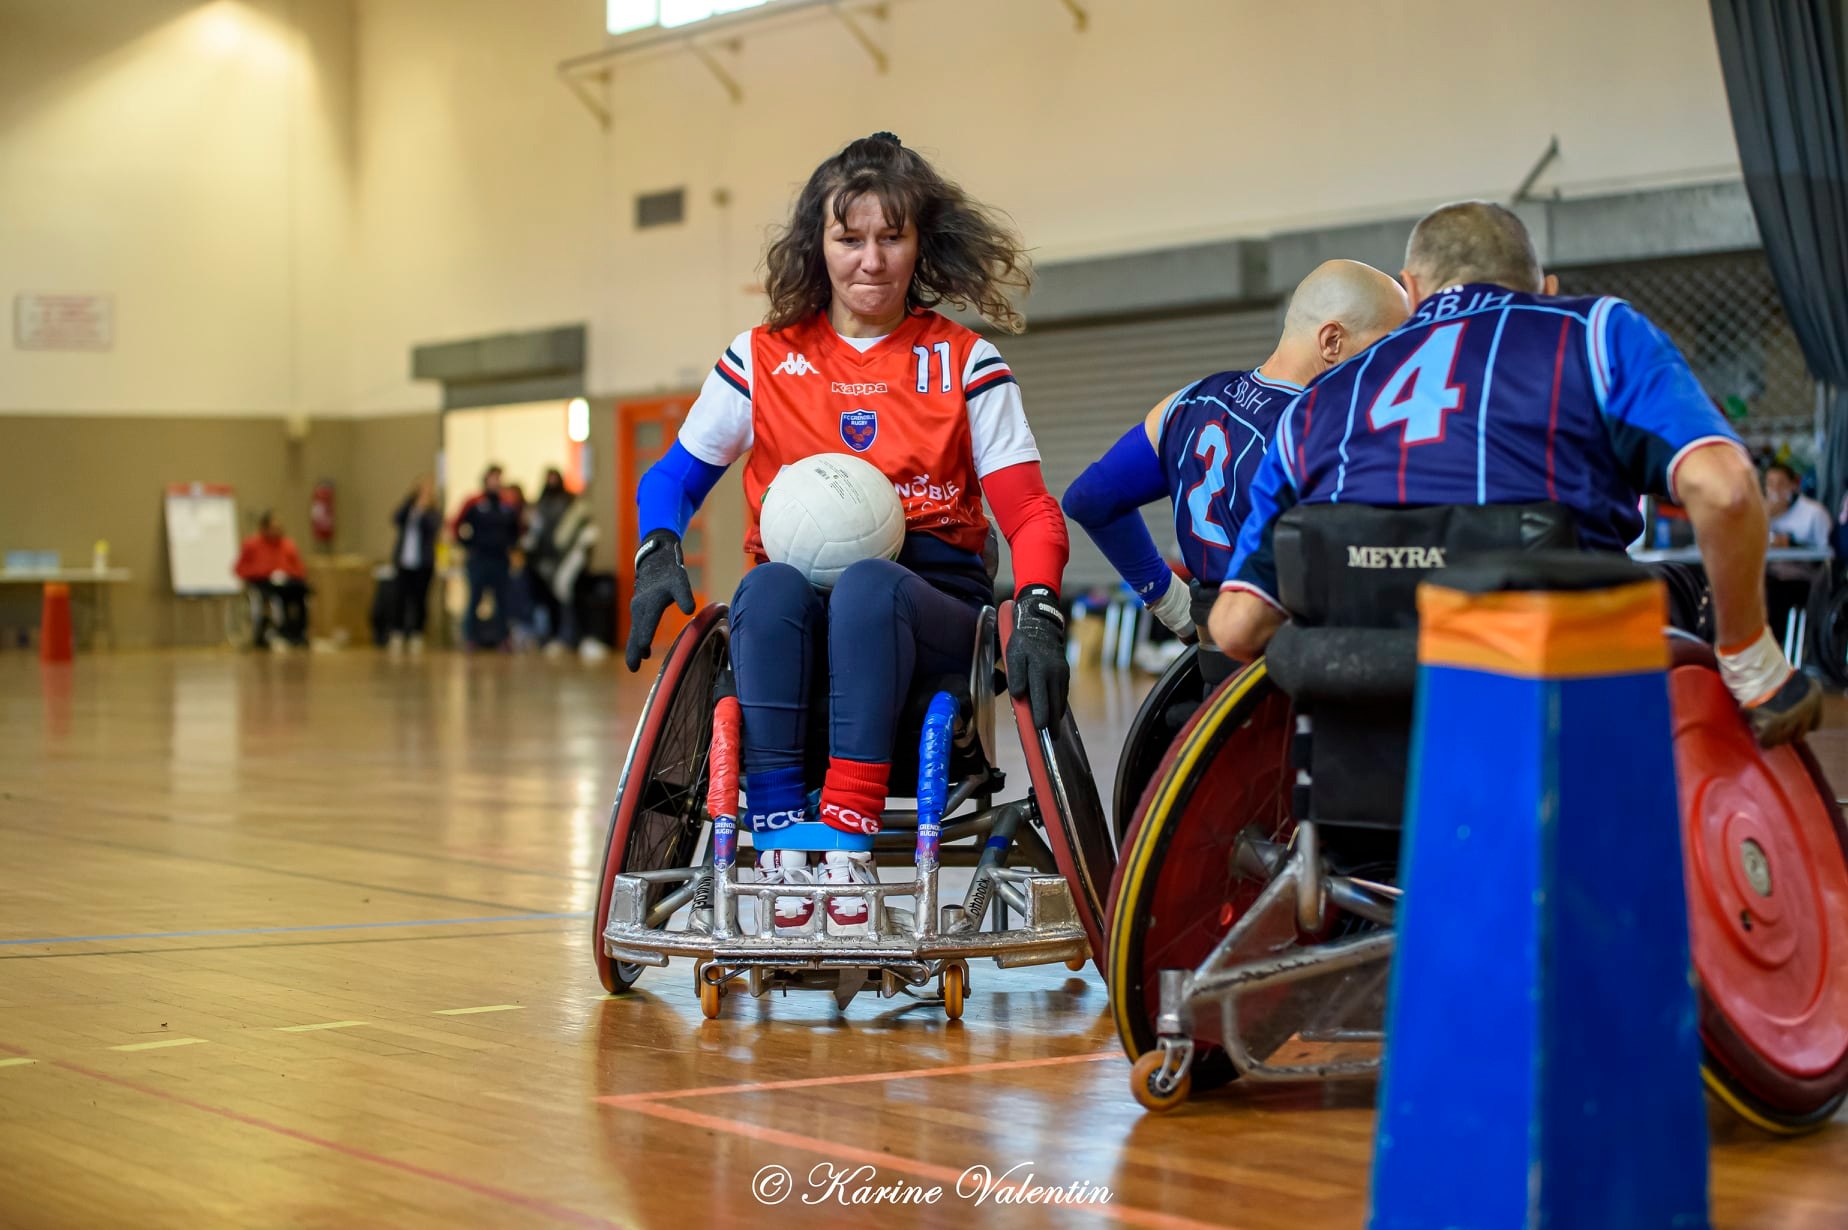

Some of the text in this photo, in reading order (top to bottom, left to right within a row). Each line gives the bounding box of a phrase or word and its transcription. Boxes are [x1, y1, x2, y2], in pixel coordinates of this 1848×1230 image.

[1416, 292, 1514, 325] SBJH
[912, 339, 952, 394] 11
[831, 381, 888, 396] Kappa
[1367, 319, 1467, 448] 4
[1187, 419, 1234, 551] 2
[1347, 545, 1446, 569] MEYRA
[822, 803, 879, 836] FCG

## Work to complete:
Would you output the listing above verbatim, without its pictures?

## Completed exercise:
Some of the text in this photo, in reading order (top to bottom, left to right within a row). Each line gives the bounding box of a phrase or word and its transcription. Boxes are [x1, y1, x2, y2], in pixel coordinates of this 1848×1230 image.

[1416, 292, 1514, 325] SBJH
[912, 339, 952, 394] 11
[831, 381, 888, 396] Kappa
[1367, 319, 1467, 448] 4
[1187, 419, 1234, 551] 2
[1347, 545, 1446, 569] MEYRA
[822, 803, 879, 836] FCG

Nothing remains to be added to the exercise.